RILEY: "The way that my dad programmed me, I don't get too hung up on old cars because I'm too excited about building the next one. I know I should have a room full of old racecars that are worth a bunch of money, but unfortunately I am too focused on buying a new piece of equipment like our new 3-D printer, rather than have an old racecar sitting around the shop. The DPs have been great, but there's always going to be something new on the horizon."
Both Riley and Raffauf see some of the GTP, WSC, or DP DNA carried forward into the P2-based Daytona Prototype internationals that will lead the WeatherTech Championship for years to come.
RILEY: "I think so, for sure. If you look at best concept of either production based engines or GT3 engines, and then have stylized bodywork so the manufacturer has a lower cost solution to being involved in a top class in the U.S., it definitely hits the marks that DP set out to do. Obviously, Corvette did a great job on styling its body. And everybody knows it is a Corvette. In the future, if we get a lot of OEMs signing off on this and getting involved, it's really going to be a great series for everybody because all the cars will look a little different."
RAFFAUF: "The Daytona Prototype name is not just a carryover; there's a lot of elements of that new 2017 car that are related to what we have done in the past. You can even take it back to WSC, GTP; the lineage probably goes back that far. Some of those things we learned from that GTP and WSC experience have worked out very well, and we expect in our [DPi] environment that they will work out again. It's another long period of four to five years of homologation for the new cars, which is more of that stability we had.
"One of the things that people used to ask with the DPs: why did you change to Gen 1 to Gen 2 to Gen 3? I said this from the beginning: If we are racing the same thing in five years that we are our racing today it will be boring, because it'll simply look the same. It's not acceptable in sportscar racing for everything to look the same for five or six years. Three? Yeah. Four? Yeah. But I the visual change-up...people expect to see that.
"There's a certain element of that in the new cars. We're going to have a good basis to start with in January of 2017, and it will run for four years as-is. After that, it may well be finely tuned and improved to carry on well beyond that period with some visual changes in a very similar fashion that worked with DP."
STATS: The DP era, by the numbers
• From the first event in 2003 to the final this weekend, DPs competed in 171 races (141 Rolex Series, 30 IMSA).
• Chip Ganassi Racing with Felix Sabates earned the most DP wins with 46 (41 Rolex Series, five IMSA), followed by Wayne Taylor Racing 33 (26, six) and GAINSCO/Bob Stallings Racing (16 Rolex Series).
• The greatest number of DP wins earned by a driver goes to Scott Pruett (pictured) with 44 (40 Rolex Series, four IMSA), followed by his teammate Memo Rojas 31 (27, four); Max Angelelli 27 (26, one), and the combo of Alex Gurney and Jon Fogarty (16 Rolex Series).

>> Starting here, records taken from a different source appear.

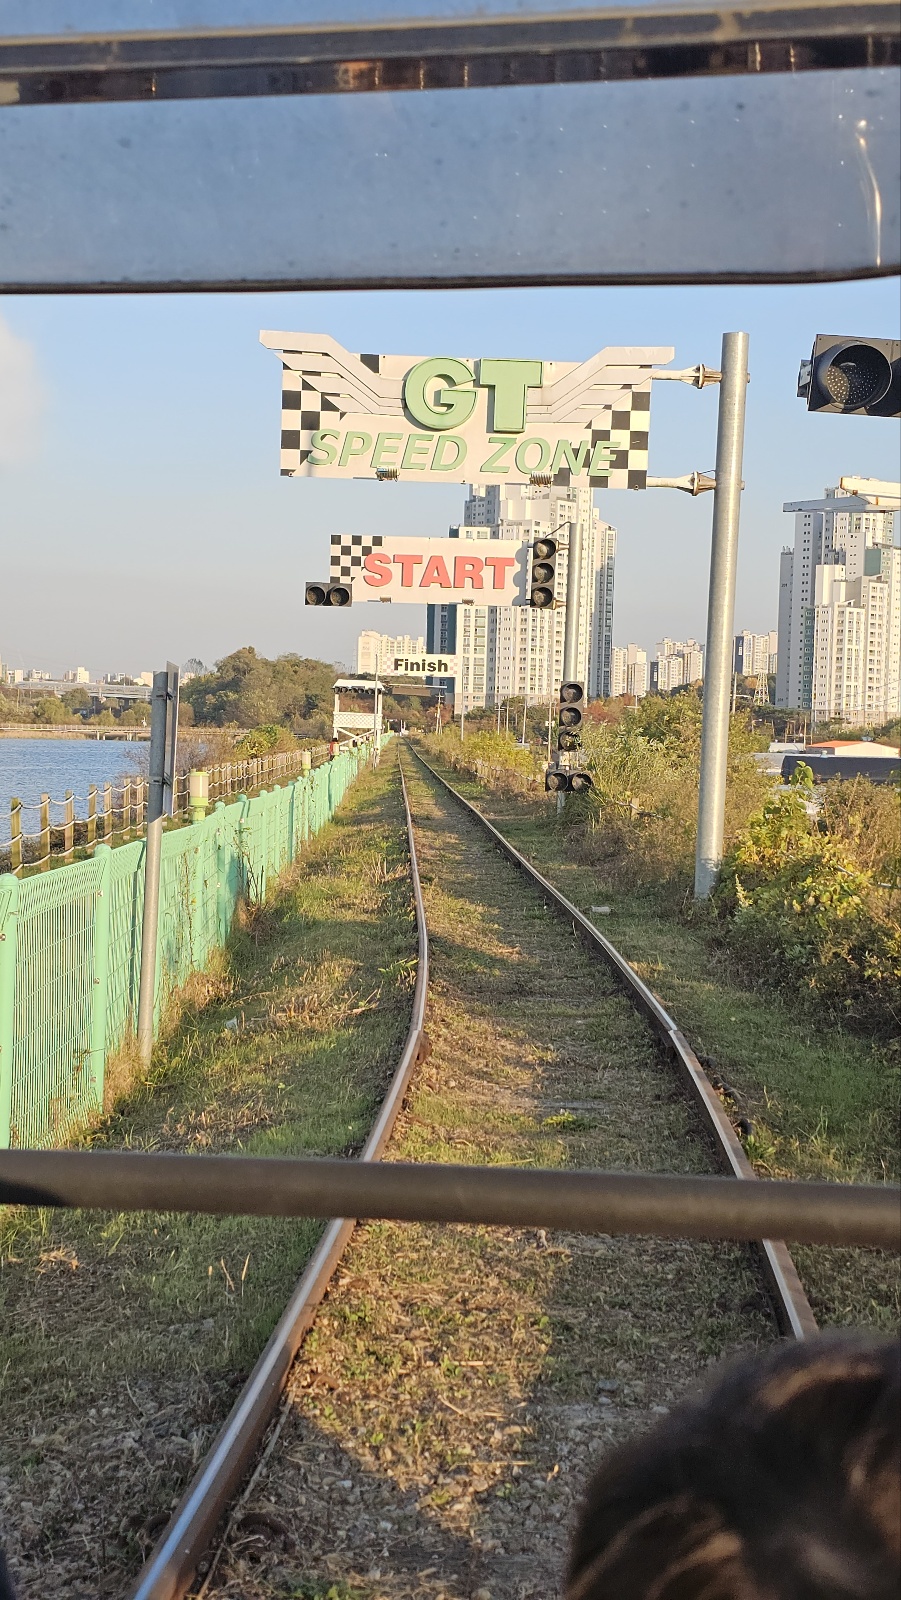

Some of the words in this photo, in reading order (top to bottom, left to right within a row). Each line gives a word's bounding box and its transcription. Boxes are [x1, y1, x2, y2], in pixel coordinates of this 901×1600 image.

[404, 356, 544, 433] GT
[306, 428, 468, 471] SPEED
[480, 437, 621, 478] ZONE
[363, 552, 515, 590] START
[393, 658, 449, 673] Finish
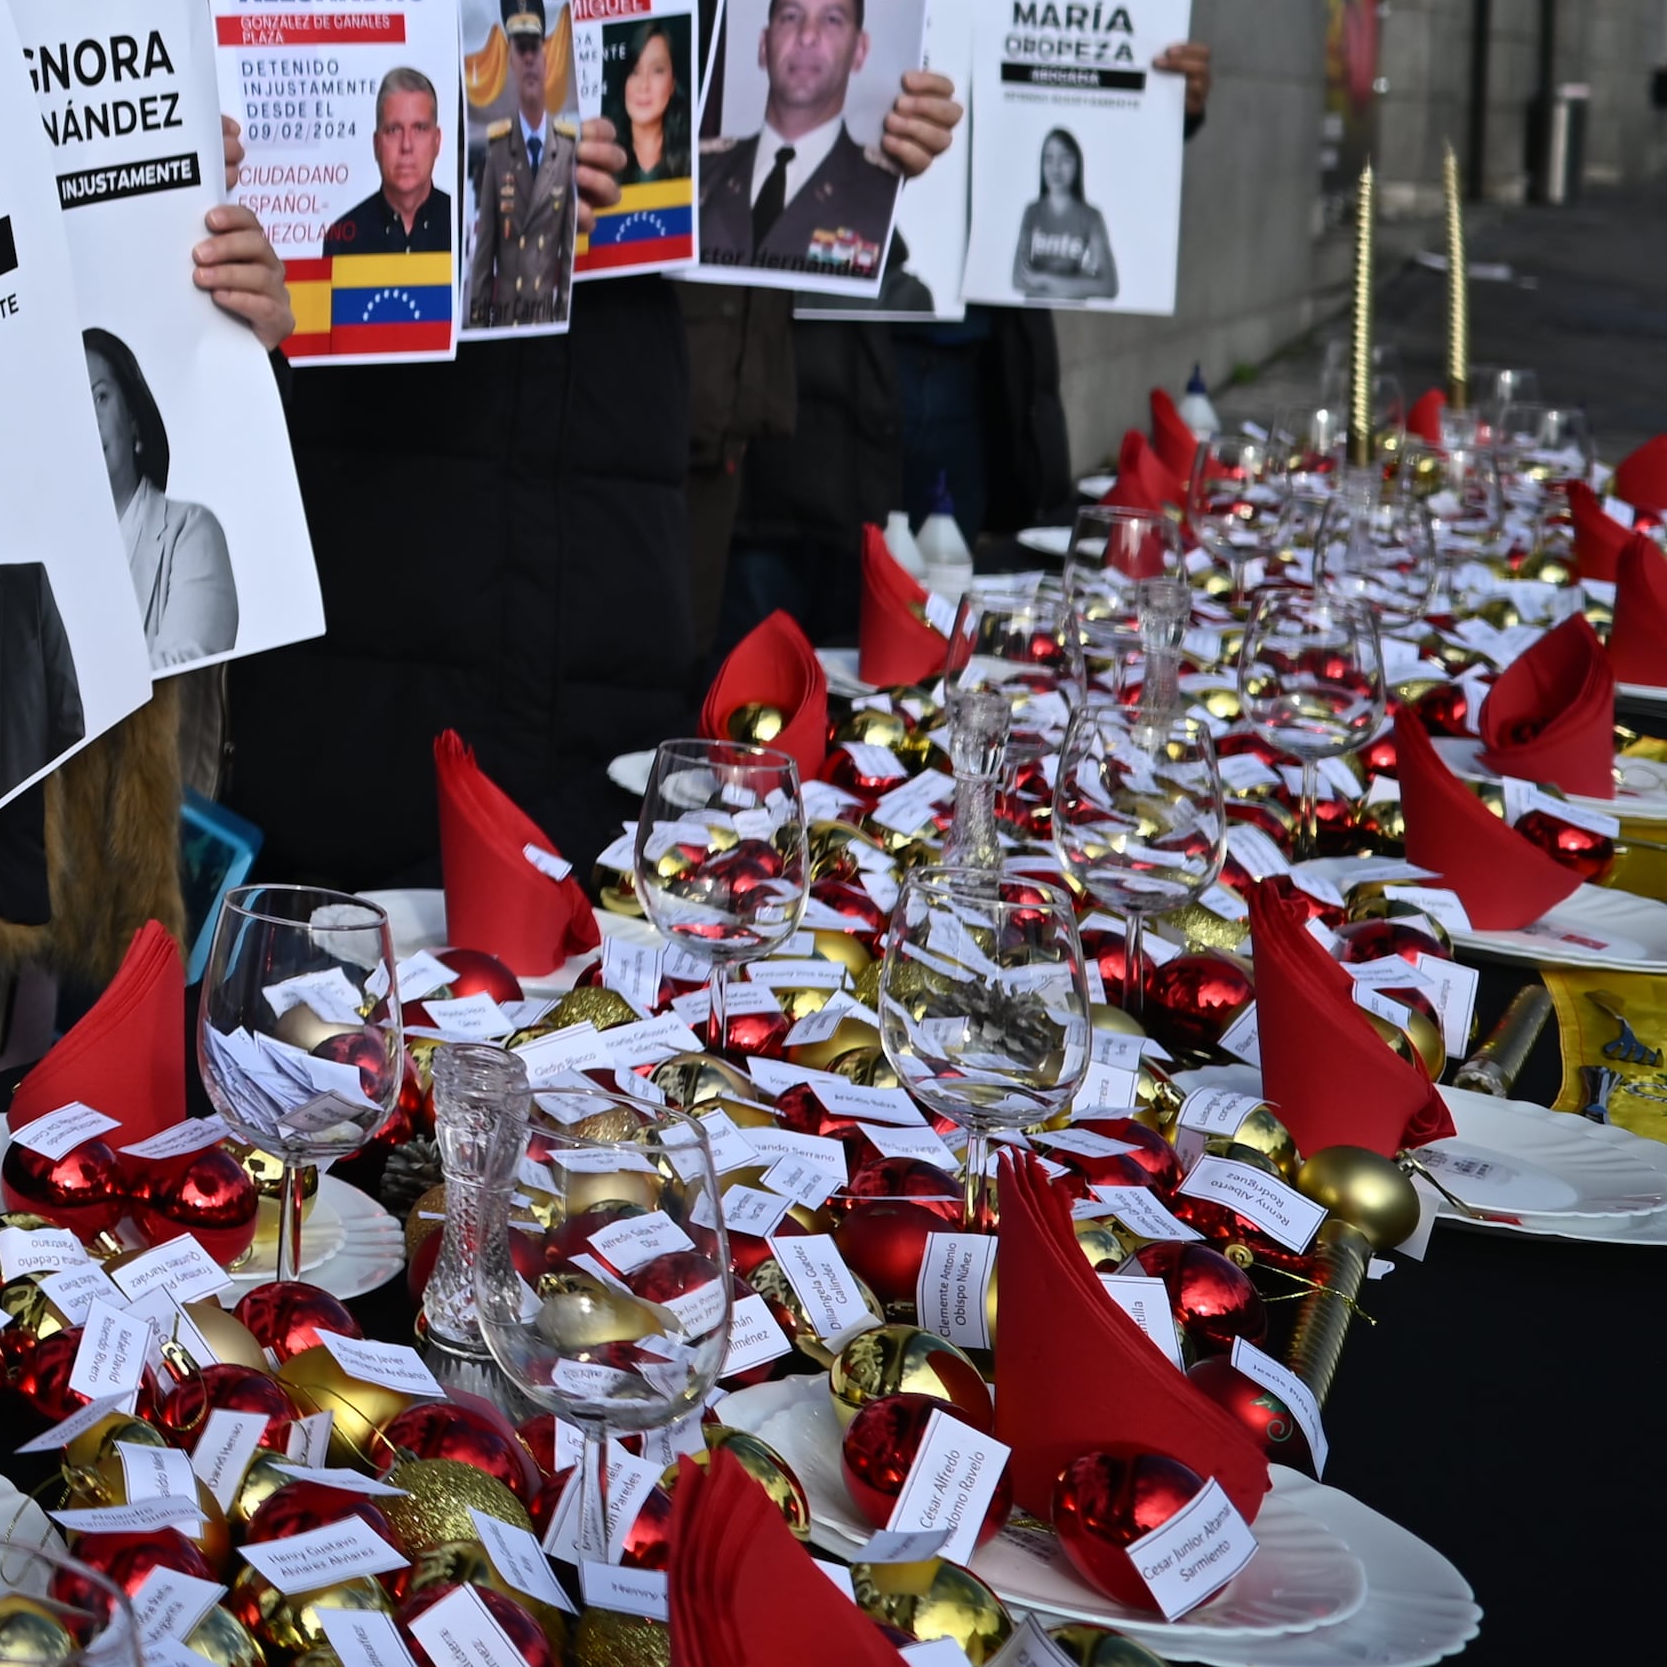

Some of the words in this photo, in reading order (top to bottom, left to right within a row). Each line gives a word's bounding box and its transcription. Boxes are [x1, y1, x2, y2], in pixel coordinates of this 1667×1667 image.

[242, 30, 285, 45] PLAZA
[313, 14, 331, 30] DE
[1004, 31, 1135, 63] OROPEZA
[241, 59, 340, 78] DETENIDO
[243, 78, 377, 98] INJUSTAMENTE
[41, 91, 183, 147] NÁNDEZ
[246, 101, 307, 120] DESDE
[315, 101, 335, 119] EL
[248, 120, 357, 142] 09/02/2024
[61, 158, 193, 202] INJUSTAMENTE
[238, 162, 349, 187] CIUDADANO
[1210, 1179, 1257, 1202] Alberto
[1226, 1171, 1285, 1208] Rodríguez
[1254, 1197, 1291, 1228] Renny
[17, 1254, 60, 1268] Cedeño
[31, 1238, 75, 1252] Pastrano
[940, 1241, 958, 1281] Antonio
[957, 1251, 973, 1284] Núñez
[938, 1280, 952, 1338] Clemente
[953, 1283, 969, 1327] Obispo
[108, 1352, 127, 1384] David
[208, 1452, 228, 1489] David
[963, 1450, 986, 1491] Ravelo
[614, 1471, 644, 1513] Paredes
[919, 1493, 944, 1530] César
[933, 1448, 962, 1495] Alfredo
[267, 1548, 307, 1567] Henry
[307, 1534, 359, 1563] Gustavo
[1142, 1554, 1176, 1581] Cesar
[1173, 1527, 1206, 1562] Junior
[1203, 1501, 1235, 1537] Altamar
[1178, 1538, 1232, 1583] Sarmiento

• The greatest number of DP pole positions earned by a driver goes to Jon Fogarty with 24, followed by Scott Pruett with 17, Ricky Taylor with 14, Memo Rojas with 11, and David Donohue with eight.
• The largest fields of DP cars in a race were all found at the Rolex 24 At Daytona in 2006 with 30, in 2005 with 29, and in 2007 with 28.
• And finally, here's a breakdown of the 103 DPs produced by nine manufacturers, starting with Riley, the numeric kings of the class, with 47, Crawford with 15; Fabcar with eight and Coyote eight, the angular Doran with seven, Dallara with six, the description-defying Multimatic with four; Lola with three, the unforgettable Picchio with three, and the rare Chase with two.